Assignment: Where an image occurs, skip it and print the rest of the records verbatim.

Data in this exercise:
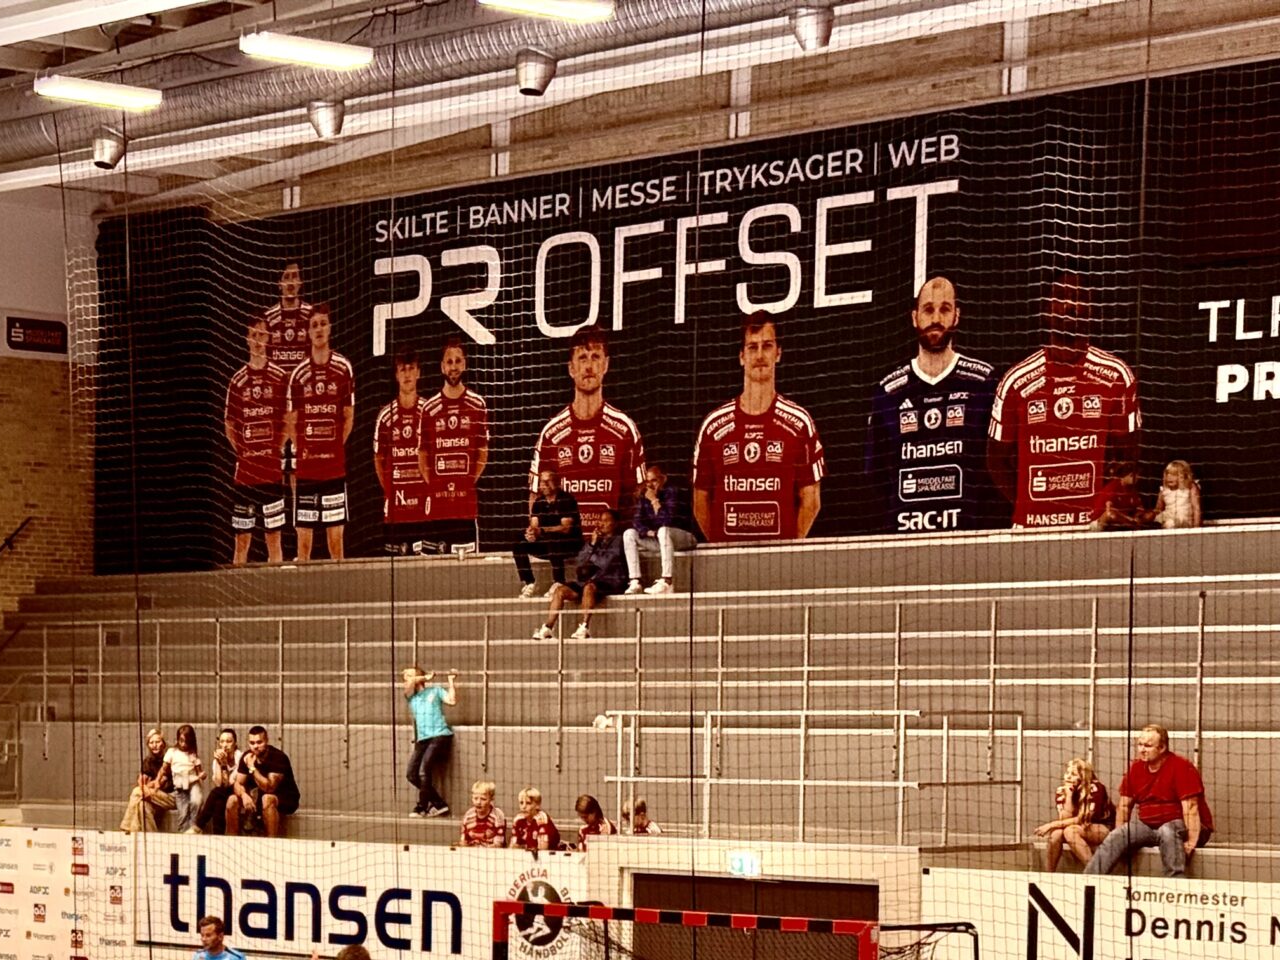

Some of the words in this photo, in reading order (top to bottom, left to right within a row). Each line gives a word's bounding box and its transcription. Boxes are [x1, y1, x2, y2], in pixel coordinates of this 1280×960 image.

[375, 212, 448, 244] SKILTE
[469, 193, 570, 229] BANNER
[592, 176, 677, 210] MESSE
[700, 148, 863, 195] TRYKSAGER
[887, 134, 960, 169] WEB
[901, 440, 963, 460] thansen
[1030, 434, 1098, 454] thansen
[724, 474, 781, 492] thansen
[1026, 513, 1074, 525] HANSEN
[163, 853, 463, 955] thansen
[1124, 908, 1248, 944] Dennis

Exercise output:
Some of the words in this photo, in reading order (top to bottom, left to right within a row). Each line gives a word's bounding box and its transcription. Boxes are [x1, y1, x2, y2], in pixel coordinates of this 1280×960 image.

[375, 212, 448, 244] SKILTE
[469, 193, 570, 229] BANNER
[592, 176, 677, 210] MESSE
[700, 148, 863, 195] TRYKSAGER
[887, 134, 960, 169] WEB
[901, 440, 963, 460] thansen
[1030, 434, 1098, 454] thansen
[724, 474, 781, 492] thansen
[1026, 513, 1074, 525] HANSEN
[163, 853, 463, 955] thansen
[1124, 908, 1248, 944] Dennis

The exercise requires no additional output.